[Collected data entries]
*** Begin section ***

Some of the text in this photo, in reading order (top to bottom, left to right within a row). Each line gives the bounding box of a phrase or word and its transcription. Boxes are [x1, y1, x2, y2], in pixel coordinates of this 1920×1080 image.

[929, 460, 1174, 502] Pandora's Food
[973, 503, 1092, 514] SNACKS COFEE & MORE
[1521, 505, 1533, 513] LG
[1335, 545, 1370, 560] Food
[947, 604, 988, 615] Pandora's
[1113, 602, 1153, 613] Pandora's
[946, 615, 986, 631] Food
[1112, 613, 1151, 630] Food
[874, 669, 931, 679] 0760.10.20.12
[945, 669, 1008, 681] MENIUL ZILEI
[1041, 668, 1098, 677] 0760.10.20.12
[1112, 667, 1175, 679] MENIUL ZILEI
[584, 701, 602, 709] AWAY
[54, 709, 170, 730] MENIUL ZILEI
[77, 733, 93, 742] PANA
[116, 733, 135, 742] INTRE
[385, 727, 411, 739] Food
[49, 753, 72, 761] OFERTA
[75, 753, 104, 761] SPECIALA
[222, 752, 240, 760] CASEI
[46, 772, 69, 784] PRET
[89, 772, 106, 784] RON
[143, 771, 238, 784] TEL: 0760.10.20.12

*** End section ***

* [GOAL OF THE EXERCISE]:
Would you write out each entry precisely as it is given?

* [TASK ANSWER]:
Some of the text in this photo, in reading order (top to bottom, left to right within a row). Each line gives the bounding box of a phrase or word and its transcription. Boxes are [x1, y1, x2, y2], in pixel coordinates of this 1920×1080 image.

[929, 460, 1174, 502] Pandora's Food
[973, 503, 1092, 514] SNACKS COFEE & MORE
[1521, 505, 1533, 513] LG
[1335, 545, 1370, 560] Food
[947, 604, 988, 615] Pandora's
[1113, 602, 1153, 613] Pandora's
[946, 615, 986, 631] Food
[1112, 613, 1151, 630] Food
[874, 669, 931, 679] 0760.10.20.12
[945, 669, 1008, 681] MENIUL ZILEI
[1041, 668, 1098, 677] 0760.10.20.12
[1112, 667, 1175, 679] MENIUL ZILEI
[584, 701, 602, 709] AWAY
[54, 709, 170, 730] MENIUL ZILEI
[77, 733, 93, 742] PANA
[116, 733, 135, 742] INTRE
[385, 727, 411, 739] Food
[49, 753, 72, 761] OFERTA
[75, 753, 104, 761] SPECIALA
[222, 752, 240, 760] CASEI
[46, 772, 69, 784] PRET
[89, 772, 106, 784] RON
[143, 771, 238, 784] TEL: 0760.10.20.12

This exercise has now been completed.